* Given entries
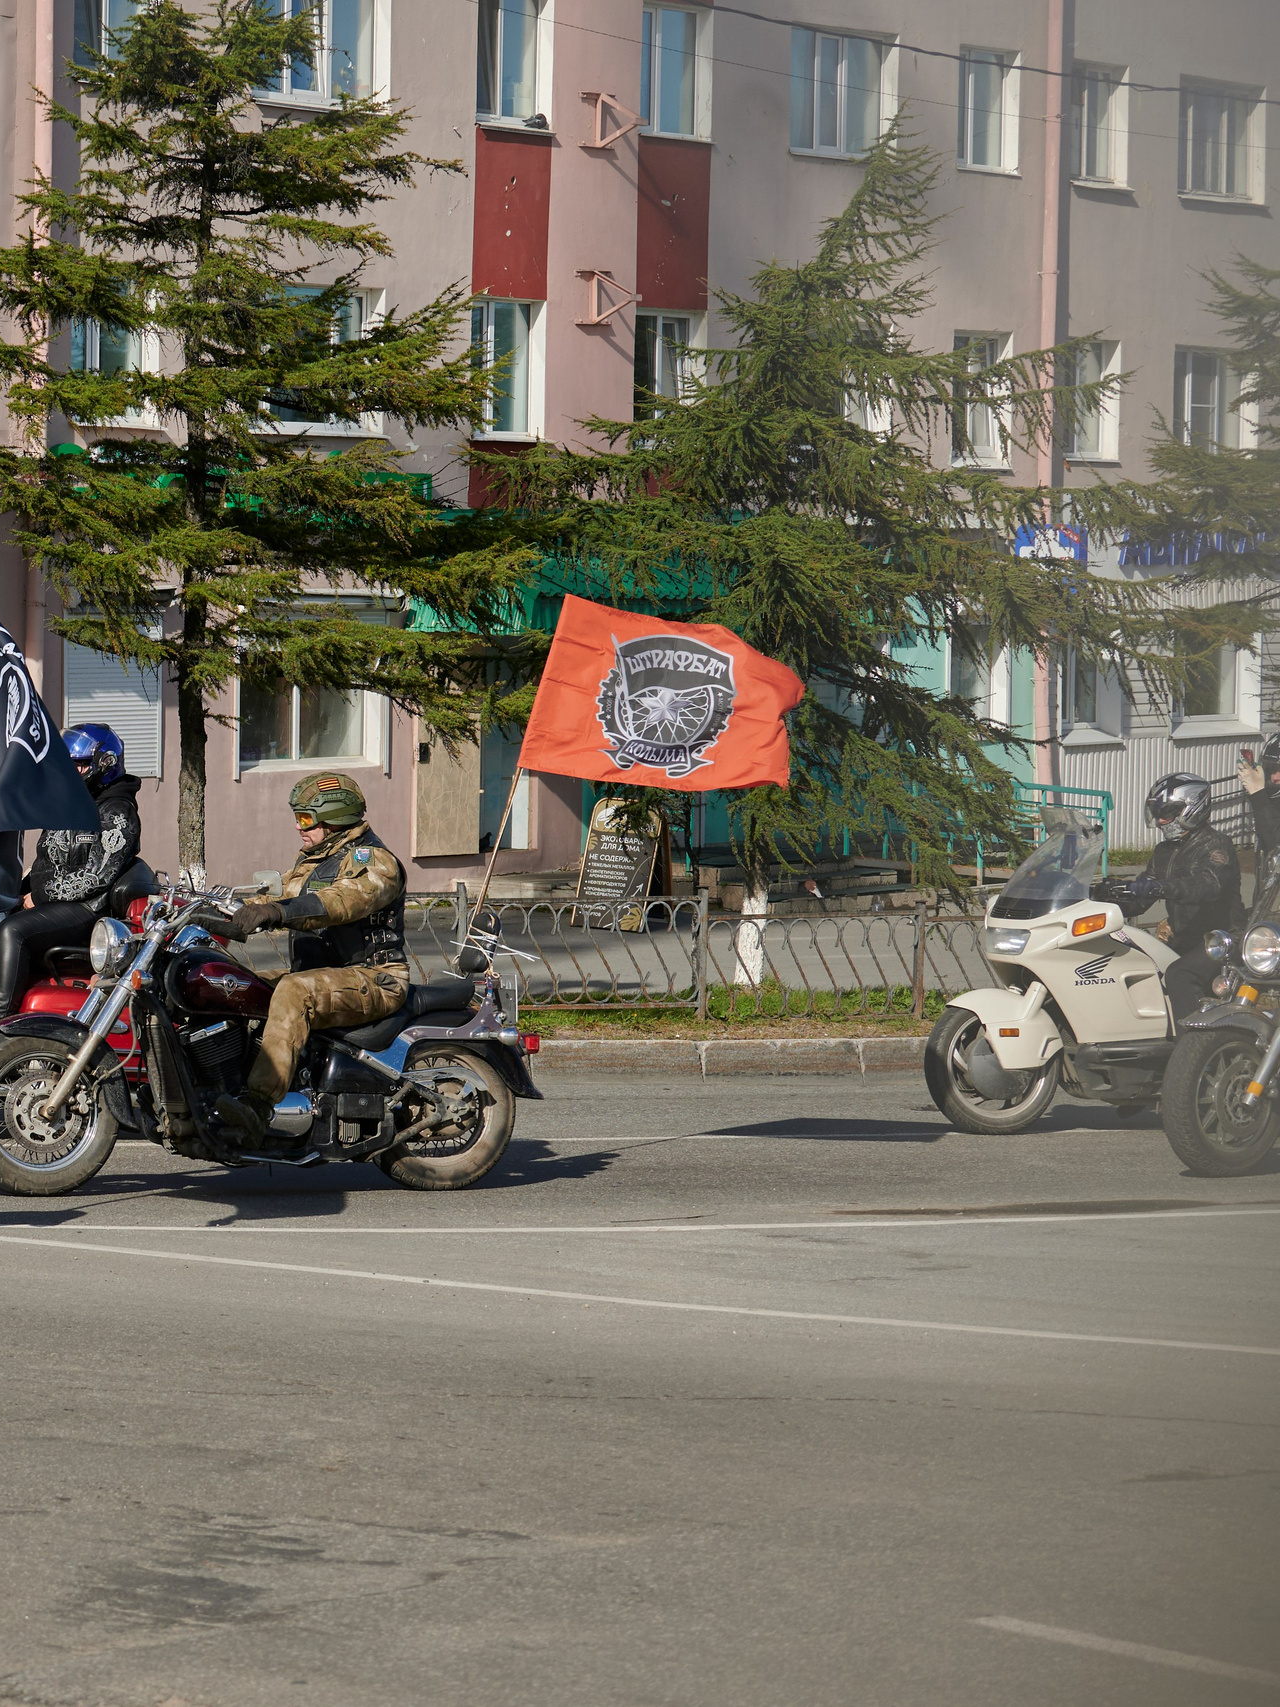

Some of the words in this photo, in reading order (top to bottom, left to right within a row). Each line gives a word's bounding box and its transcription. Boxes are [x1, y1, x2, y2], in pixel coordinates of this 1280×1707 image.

[625, 649, 727, 679] ШТРАФБАТ
[625, 741, 686, 762] КОЛЫМА
[601, 842, 617, 851] ДЛЯ
[600, 854, 637, 863] СОДЕРЖТ
[1075, 978, 1116, 986] HONDA

* The task
What is needed is an exact reprint of every entry, pictures excluded.

* Written answer
Some of the words in this photo, in reading order (top to bottom, left to right within a row). Each line gives a word's bounding box and its transcription. Boxes are [x1, y1, x2, y2], in pixel coordinates of this 1280×1707 image.

[625, 649, 727, 679] ШТРАФБАТ
[625, 741, 686, 762] КОЛЫМА
[601, 842, 617, 851] ДЛЯ
[600, 854, 637, 863] СОДЕРЖТ
[1075, 978, 1116, 986] HONDA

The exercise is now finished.